Lately, thousands of Jews and allies marched on Capitol
Hill, where they carried Palestinian flags and rallied in support of
Palestinian rights, while Wise led a smaller sit-in with hundreds of activists
inside one of the Capitol buildings.
The action was organized by Jewish Voice for Peace and
IfNotNow, two of the largest US Jewish groups calling for a just and peaceful
resolution to the Israeli-Palestinian conflict.
At the sit-in, led by two dozen rabbis, they blew shofars, a
traditional horn made from ram’s horn and used in Jewish rituals, and shared
testimonials from Palestinians suffering in Gaza. They wore shirts that read,
“Not in our name,” and unfurled banners demanding a ceasefire.
The activists also called on the US government to stop
providing aid to Israel, which Wise says “encourages and funds the mass murder
of Palestinians.”
Wise was one of more than 355 activists, mostly Jewish,
arrested during the event, according to Jewish Voice for Peace spokesperson
Sonya Meyerson-Knox.
Thousands more Jewish Americans continue to gather in
protests across the United States, calling on President Joe Biden and other
elected officials to rein in Israel – arguing more civilian deaths is not the
answer to Hamas’ deadly attack.
“As Jewish people whose ancestors went through the Holocaust,
when we hear Prime Minister Benjamin Netanyahu and Defense Minister Yoav
Gallant use words like ‘the children of darkness’ and ‘human animals’ to
describe Palestinians, we feel the resonances of that in our bones,” said
IfNotNow political director Eva Borgwardt, referring to recent comments made by
the Israeli officials.
“We know exactly where that language leads, and we are here
to stop what they clearly intend to be a genocide. We will come to the doors of
our lawmakers; we will be at the doors of our lawmakers for as long as it
takes.”
Moments after Rabbi Wise was released by authorities, she
learned one of her closest Palestinian friends lost his entire family in an
Israeli airstrike in Gaza.
“I fell in a puddle on the floor. It was a very sobering
reminder of exactly what we’re trying to prevent,” Wise said. “It’s critical
for American Jews to stand up and say, ‘never again’ is never again for
anyone.” The slogan has been a rallying cry of the Jewish community since World
War II.
“If we’re going to learn anything from history, it’s that
the things that we stand for are for everybody, no exception, and that includes
Palestinians,” she added. “We’re pulling back on organizations that suggest
Jewish safety must come at the expense of Palestinian life. We say, it’s not
either-or, it’s all of us or none of us.”

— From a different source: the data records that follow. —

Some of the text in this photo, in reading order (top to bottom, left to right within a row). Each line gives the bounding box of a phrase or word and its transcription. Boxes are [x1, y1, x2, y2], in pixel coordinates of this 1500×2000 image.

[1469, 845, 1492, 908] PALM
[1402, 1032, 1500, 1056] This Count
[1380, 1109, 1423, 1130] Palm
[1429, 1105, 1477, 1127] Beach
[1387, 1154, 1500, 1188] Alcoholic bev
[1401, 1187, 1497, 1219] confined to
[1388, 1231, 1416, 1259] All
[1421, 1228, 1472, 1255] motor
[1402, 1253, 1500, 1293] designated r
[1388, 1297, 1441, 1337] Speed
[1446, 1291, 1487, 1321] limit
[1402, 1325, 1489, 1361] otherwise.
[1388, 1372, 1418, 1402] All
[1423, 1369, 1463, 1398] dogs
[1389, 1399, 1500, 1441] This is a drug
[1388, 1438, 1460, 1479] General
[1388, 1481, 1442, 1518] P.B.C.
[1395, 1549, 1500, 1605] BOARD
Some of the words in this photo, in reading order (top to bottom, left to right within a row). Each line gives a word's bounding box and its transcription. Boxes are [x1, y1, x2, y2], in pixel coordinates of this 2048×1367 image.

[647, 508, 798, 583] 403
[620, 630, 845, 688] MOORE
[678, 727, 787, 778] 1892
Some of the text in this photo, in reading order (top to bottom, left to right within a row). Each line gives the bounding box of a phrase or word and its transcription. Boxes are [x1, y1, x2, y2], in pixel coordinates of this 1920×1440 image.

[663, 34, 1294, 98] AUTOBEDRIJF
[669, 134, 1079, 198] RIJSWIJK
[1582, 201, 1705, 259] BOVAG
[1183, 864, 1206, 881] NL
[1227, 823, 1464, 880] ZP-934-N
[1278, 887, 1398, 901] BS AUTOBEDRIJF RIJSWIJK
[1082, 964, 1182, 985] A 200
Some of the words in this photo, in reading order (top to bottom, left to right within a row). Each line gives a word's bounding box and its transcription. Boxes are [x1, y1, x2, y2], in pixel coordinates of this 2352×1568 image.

In addition to organizing civil actions, Jewish Voice for
Peace and IfNotNow are also educating communities through digital media,
engaging with journalists, organizing petition drives and coordinating
telephone and email campaigns aimed at elected officials and news
organizations. Much of their work is done in partnership with smaller Jewish
groups, as well as Arab, Muslim and Palestine solidarity activists.
Jewish Voice for Peace, founded in 1996, describes itself as
the largest Jewish pro-Palestinian organization in the world, with over 440,000
members and supporters across 30 states. IfNotNow also has a large US network,
with tens of thousands of Jewish members who have taken direct actions to
protest the Israeli occupation since 2014.
“The work of our movements over the past nine years and
decades of work by our predecessors has been preparing all of us to meet this
horrific, genocidal moment,” Borgwardt said.
“Stopping this war
feels like the biggest test of our lifetimes. We understand how we got here and
that to end this nightmare and achieve true safety for Palestinians, Israelis
and Jews, we need to end decades of occupation and apartheid and fight for
equality, justice and a thriving future for all.”